This is part two of a 3 part series into the early history of Coca-Cola and the soda pop industry. In the first part of this series, I talked about the fact that Coca-Cola not only contained cocaine but that it was indeed invented as a way to deliver cocaine to customers in a palatable, and even delicious, drink. The early history of soft-drinks is part of the history of the patent medicine industry since most early soft drinks, or sodas, were sold as health tonics and made claims of being cure-alls. But of these, Coca-Cola was the most successful, especially after Asa G. Candler bought rights to the drink in 1891. After this, many imitators followed, mostly in Atlanta but some in neighboring areas.

That drugs were such an important part of early soft drinks seems shocking, I know. But you have to understand that prior to the 20th century, there were hardly any consumer protection laws in the United States.

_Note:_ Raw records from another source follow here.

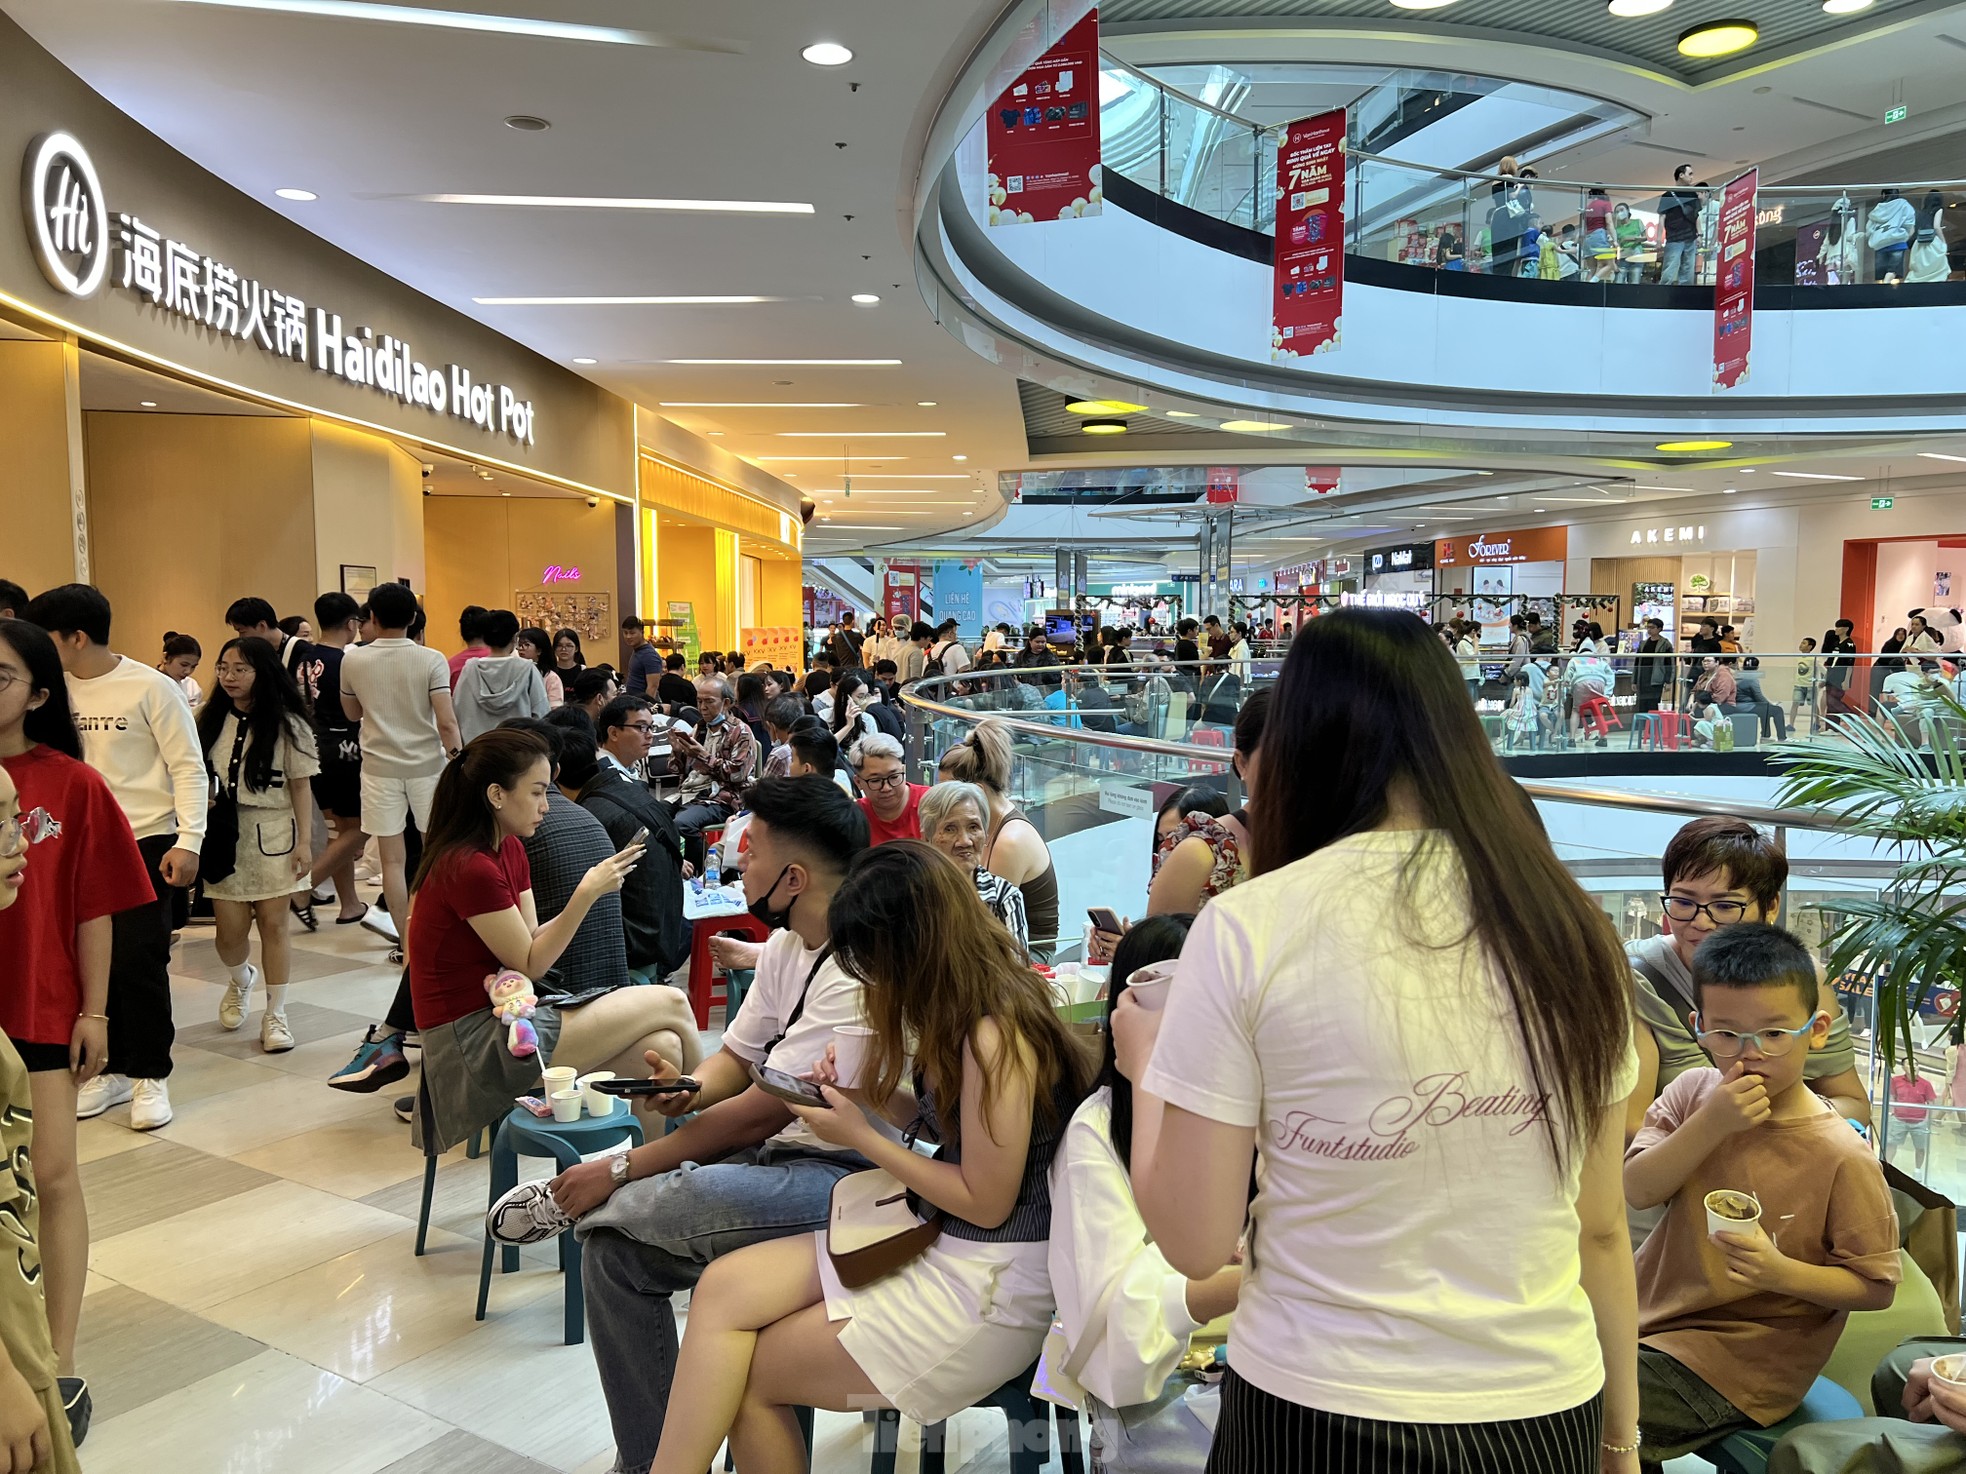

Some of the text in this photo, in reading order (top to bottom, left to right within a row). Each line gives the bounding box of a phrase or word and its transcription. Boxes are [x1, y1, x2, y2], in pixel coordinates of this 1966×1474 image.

[1288, 168, 1301, 190] 7
[1301, 164, 1327, 180] NĂM
[120, 213, 307, 362] 海底捞火锅
[317, 308, 535, 446] Haidilao Hot Pot
[1468, 535, 1510, 559] FOREVER
[1630, 526, 1705, 544] AKEMI
[543, 565, 581, 584] Nails
[1369, 1070, 1559, 1137] Beating
[1268, 1111, 1420, 1161] Funtstudio

Both cocaine and morphine were available without a prescription and scores of “patent medicines” contained many ingredients that would make you snort your Coca-Cola right out your nose if you read about them. Cocaine was one of the popular hidden ingredients of the time.
There is no doubt that if you consumed one of these miracle healing tonics containing cocaine, you’d get quite a lift and so could not be blamed for thinking it was one hell of a medicine.

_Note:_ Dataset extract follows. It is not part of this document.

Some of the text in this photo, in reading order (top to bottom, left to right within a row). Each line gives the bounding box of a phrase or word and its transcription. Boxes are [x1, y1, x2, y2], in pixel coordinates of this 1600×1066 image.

Today, it’s odd to see someone smoking a cigarette, let alone imagine them freely drinking some cocaine containing beverage. Well, imagine, if you will, the Cocarette, a cigarette made with cocaine and tobacco leaves, sold by the Cocabacco company of St. Louis.
The advertising urged smokers to use cocorettes by claiming that coca is “the finest nerve tonic and exhilarator ever discovered. It stimulates the brain to great activity and gives tone and vigor to the entire system.” The ads weren’t exactly lying. I’ll just bet they did make you scurry through your brain like roaches startled by a light.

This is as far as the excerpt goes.